CASI Angkatan VII: Di Setiap Luka-Duka Terdapat Harapan yang Terus Tumbuh dan Mengalir

Pandemi Covid-19 tidak menghalangi semangatku dan sejumlah kawan lain untuk mengikuti Pelatihan Critical Agrarian Studies of Indonesia (CASI) 2021 yang diselenggarakan Agrarian Resources Center (ARC). Kegiatan yang berlangsung di Perpustakaan ARC, Jl. Ski Air No. 20, Arcamanik, Bandung, ini mampu menarik perhatian kalangan, khususnya kaum muda, yang memiliki minat dan fokus terhadap dinamika masalah agraria di Indonesia. 

Latar belakang peserta CASI 2021 cukup beragam. Mulai dari pegiat sosial, akademisi, dan mahasiswa dari berbagai kampus di Indonesia. Meskipun seluruh peserta tidak dapat mengikuti kegiatan secara luring (offline), para peserta tetap mengikuti kegiatan dengan maksimal, cukup interaktif, dan dialektis.

CASI 2021 dilaksanakan selama satu minggu (15-21 Maret 2021) dengan tujuan khusus memberi pemahaman kritis kepada mahasiswa dan scholar activist terkait persoalan agraria di Indonesia serta tawaran perspektif alternatif tentang studi agraria kritis di Indonesia. Konsep kegiatannya didesain untuk membantu dan mendorong peserta lebih kritis dalam melihat masalah-masalah agraria dan jalan keluar yang kerap dipertontonkan penguasa.

Pada hari pertama, CASI 2021 dibuka dengan perkenalan seluruh peserta (baik peserta luring maupun peserta daring) dan para panitia. Kemudian dilanjutkan dengan materi pembuka bertopik “Agraria dan Kajian Agraria Kritis” yang dipaparkan Muhammad Syafiq Gumilang, peneliti sekaligus Koordinator ARC.

Hari pertama CASI 2021 ditutup dengan diskusi “Keteguhan Sikap dan Pandangan GWR tentang Keharusan Reforma Agraria di Indonesia”. Sejumlah scholar-activist seperti Dianto Bachriadi, PhD., Prof.
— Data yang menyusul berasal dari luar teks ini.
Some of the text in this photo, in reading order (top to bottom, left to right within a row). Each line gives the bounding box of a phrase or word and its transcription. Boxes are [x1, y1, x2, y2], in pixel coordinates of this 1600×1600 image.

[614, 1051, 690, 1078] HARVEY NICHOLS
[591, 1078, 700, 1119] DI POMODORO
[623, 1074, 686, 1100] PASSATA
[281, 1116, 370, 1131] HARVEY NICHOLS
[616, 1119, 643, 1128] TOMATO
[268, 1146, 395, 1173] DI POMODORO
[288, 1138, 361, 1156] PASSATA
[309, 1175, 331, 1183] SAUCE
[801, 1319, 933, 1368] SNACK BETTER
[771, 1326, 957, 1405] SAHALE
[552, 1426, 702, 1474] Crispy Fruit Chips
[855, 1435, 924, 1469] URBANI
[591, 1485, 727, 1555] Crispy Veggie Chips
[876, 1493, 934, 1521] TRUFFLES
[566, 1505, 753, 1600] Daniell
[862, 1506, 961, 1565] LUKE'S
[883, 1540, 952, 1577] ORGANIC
Benjamin White, Prof. Endriatmo Soetarto, dan Siti Rakhma, menjadi pembicara dalam acara yang bertujuan mengenang 100 hari kepergian Gunawan Wiradi tersebut.

Materi-materi di hari kedua tak kalah menarik. Dua peneliti senior ARC, Hilma Safitri dan Dianto Bachriadi, menjadi pemateri di hari tersebut. Masing-masing dari mereka menyampaikan materi bertopik “Gambaran Umum Masalah Agraria di Indonesia” dan “Transisi Agraria di Indonesia”. Materi yang disebut pertama, mendedah masalah-masalah seperti ketimpangan penguasaan tanah dan konflik agraria di Indonesia. Sedangkan yang disebut terakhir, menjabarkan bentuk-bentuk hubungan agraria, jalur-jalur transisi agraria, masuknya kapitalisme ke Indonesia, dan transisi agraria menuju sosialisme.
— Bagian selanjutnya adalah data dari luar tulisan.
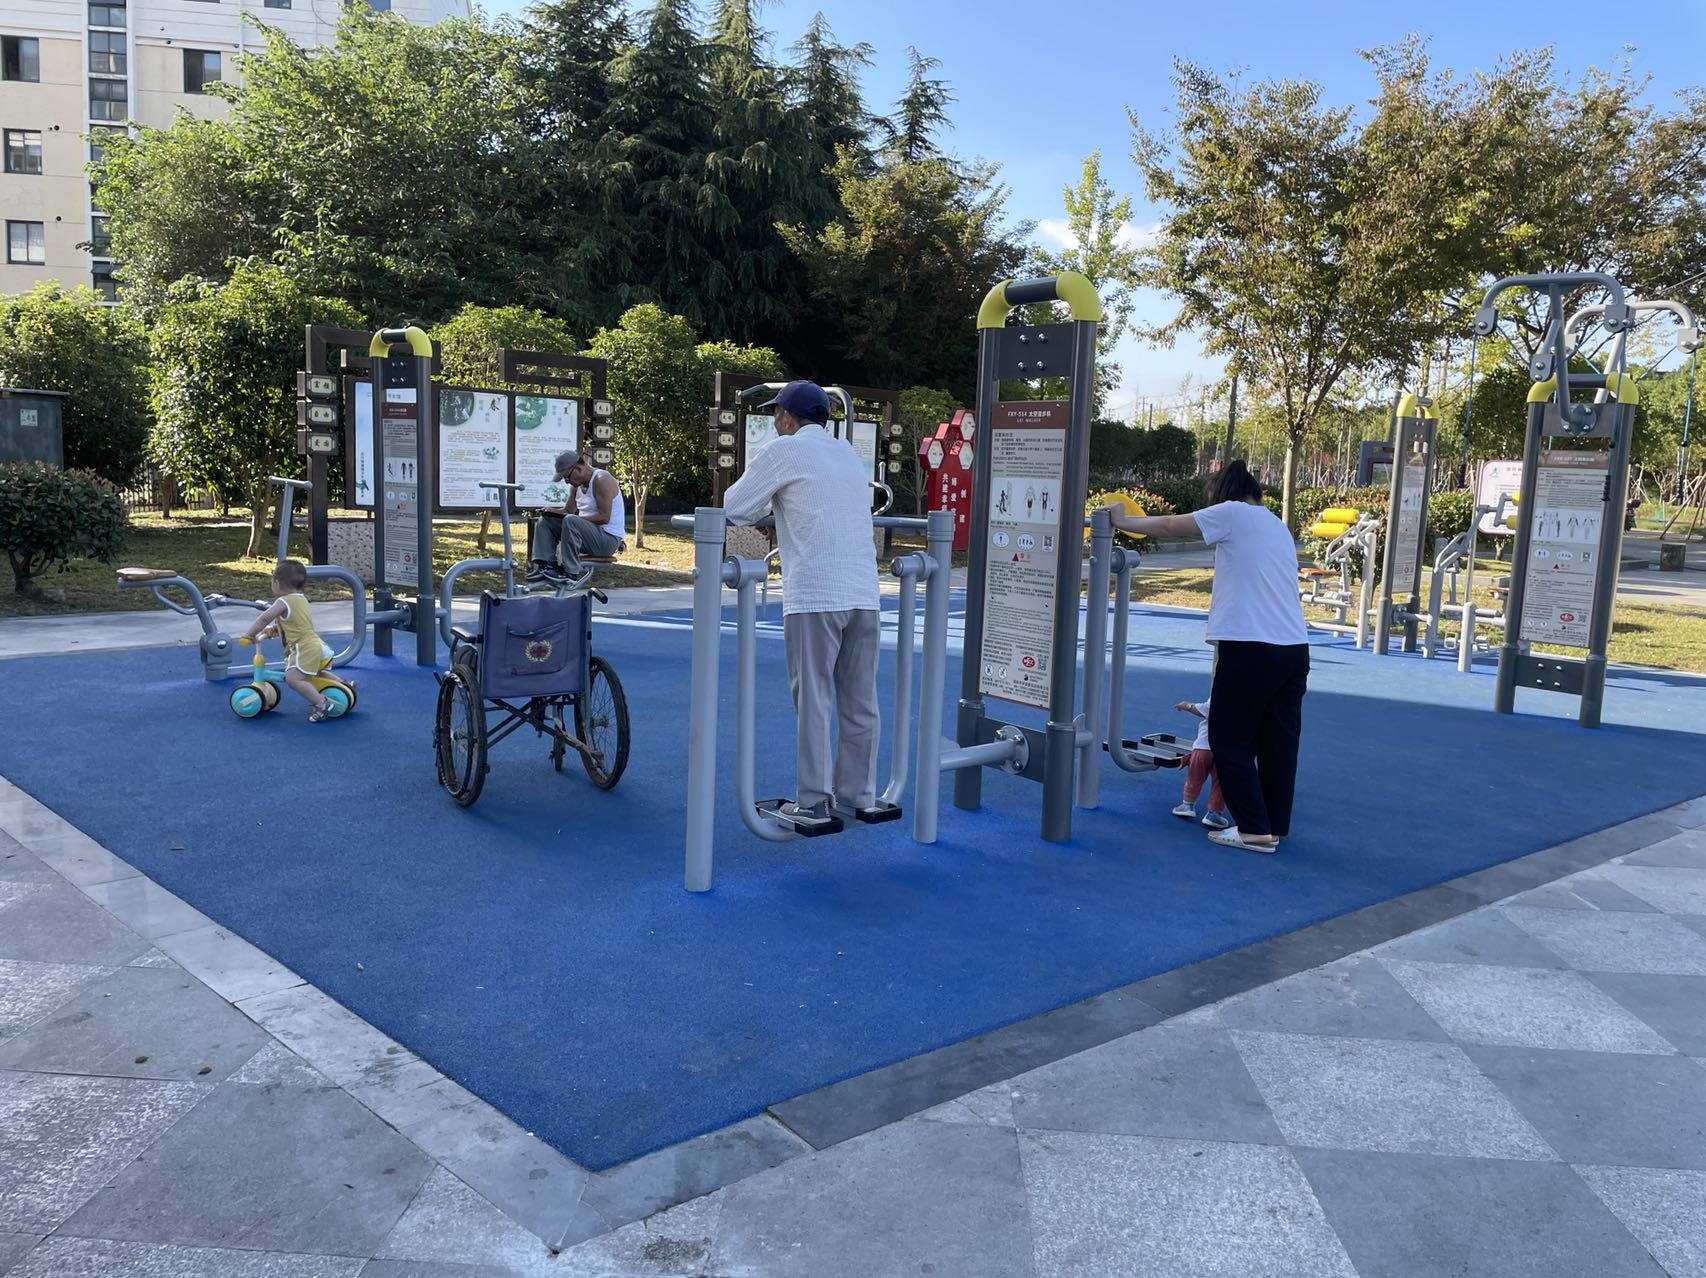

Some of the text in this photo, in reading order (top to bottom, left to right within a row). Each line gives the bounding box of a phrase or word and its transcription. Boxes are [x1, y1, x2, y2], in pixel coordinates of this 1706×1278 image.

[313, 380, 330, 390] 富强
[488, 398, 500, 411] 春
[314, 410, 330, 419] 自由
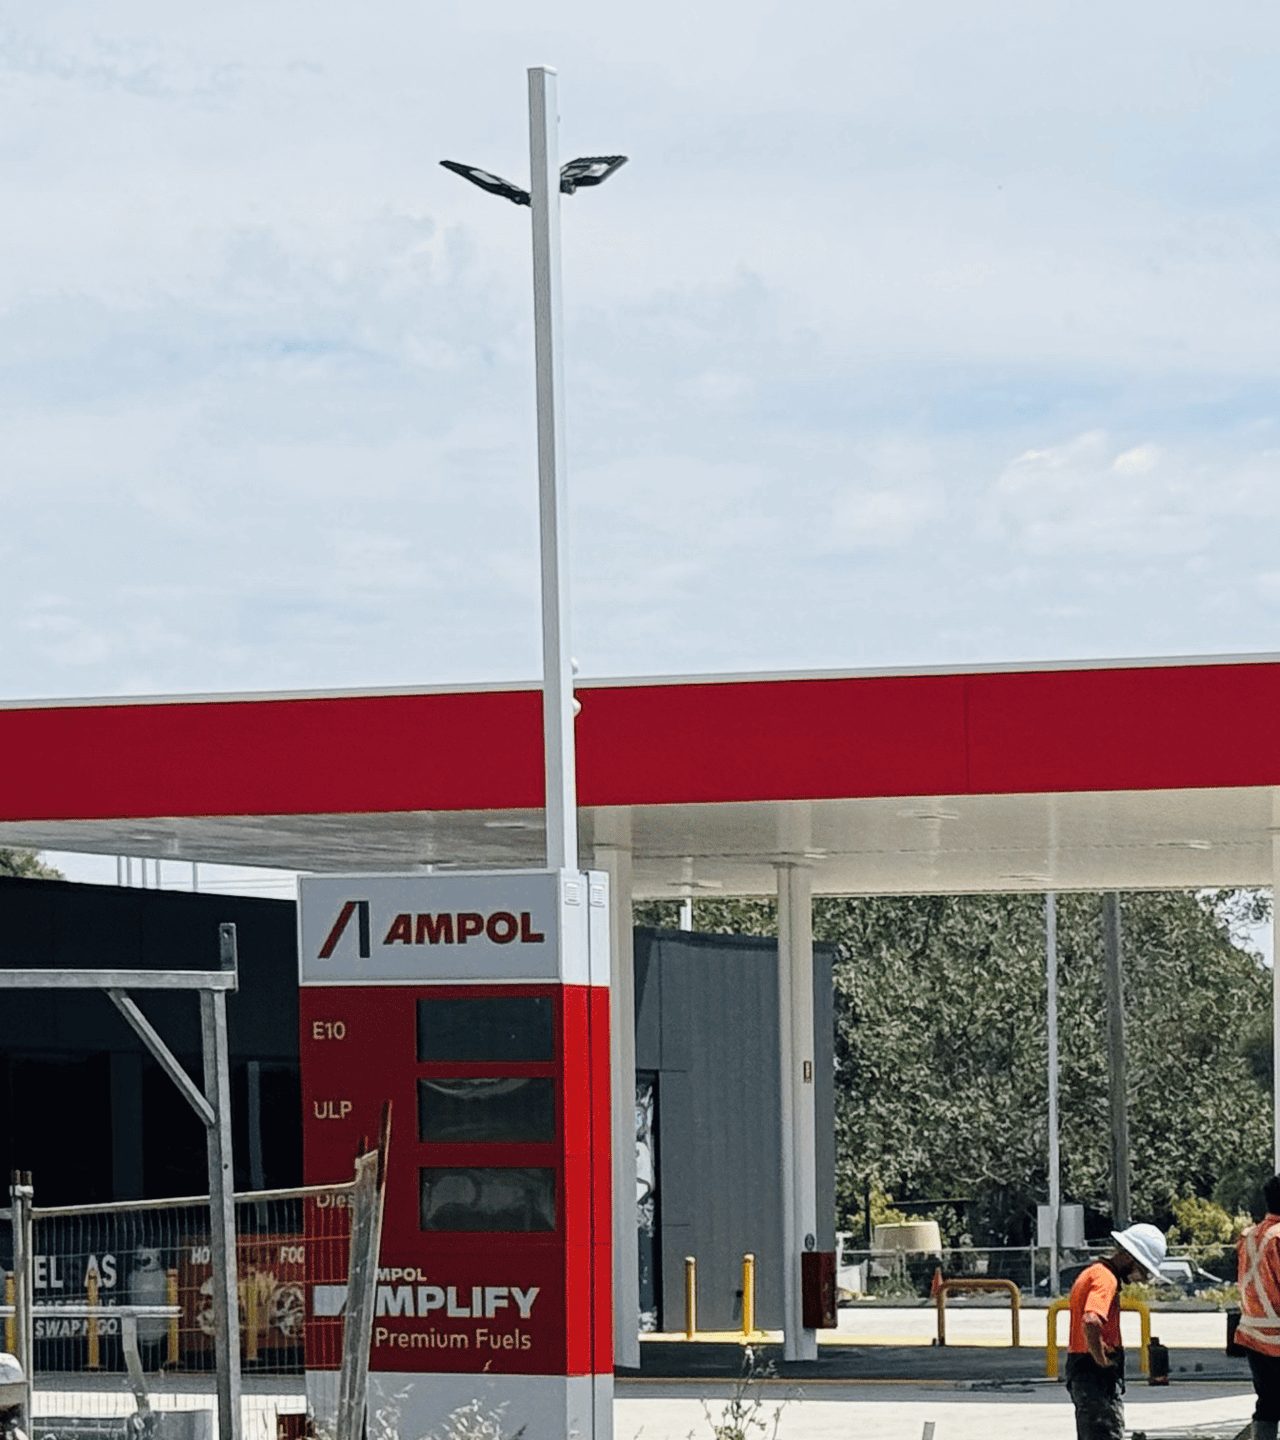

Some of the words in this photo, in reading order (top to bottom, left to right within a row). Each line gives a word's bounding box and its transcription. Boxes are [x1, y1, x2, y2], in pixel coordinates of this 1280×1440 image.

[383, 911, 545, 945] AMPOL
[312, 1021, 346, 1041] E10
[314, 1100, 352, 1120] ULP
[316, 1194, 355, 1209] Dies
[377, 1267, 428, 1282] MPOL
[375, 1285, 541, 1319] MPLIFY
[375, 1327, 469, 1348] Premium
[476, 1328, 532, 1350] Fuels
Di hari ketiga, peserta disuguhkan materi “Tranformasi Kaum Tani” yang disampaikan peneliti ARC Muhammad Izzuddin Prawiranegara. Selang istirahat beberapa saat, pelatihan kembali dilanjut dengan topik “Reforma Agraria dalam Konteks Transisi Agraria” yang disampaikan peneliti ARC Erwin Suryana. Di hari itu, peserta diantarkan pada pemahaman tentang perubahan “kaum tani” seiring perubahan struktur hubungan-hubungan produksi di pedesaan akibat intervensi kapitalisme, serta pemahaman konseptual tentang reforma agraria.

Hari keempat peserta terlihat resah setelah aib negara Indonesia dibongkar para pemateri. Yudi Bachrioktora, pengajar di departemen sejarah Universitas Indonesia, memulai hari dengan menjelaskan sejarah “Reforma Agraria di Indonesia”. Mulai dari zaman Soekarno, Soeharto, hingga Jokowi. Lalu Mario Iskandar Zulkarnain, peneliti ARC, memaparkan materi berjudul “Kapitalisme dan Neoliberalisme”. Hari itu peserta diajak menyadari bahwa pangkal dari kegagalan reforma agraria sejati di Indonesia tidak lain ialah akibat adanya intervensi kapitalisme global dan agen-agennya yakni lembaga keuangan internasional.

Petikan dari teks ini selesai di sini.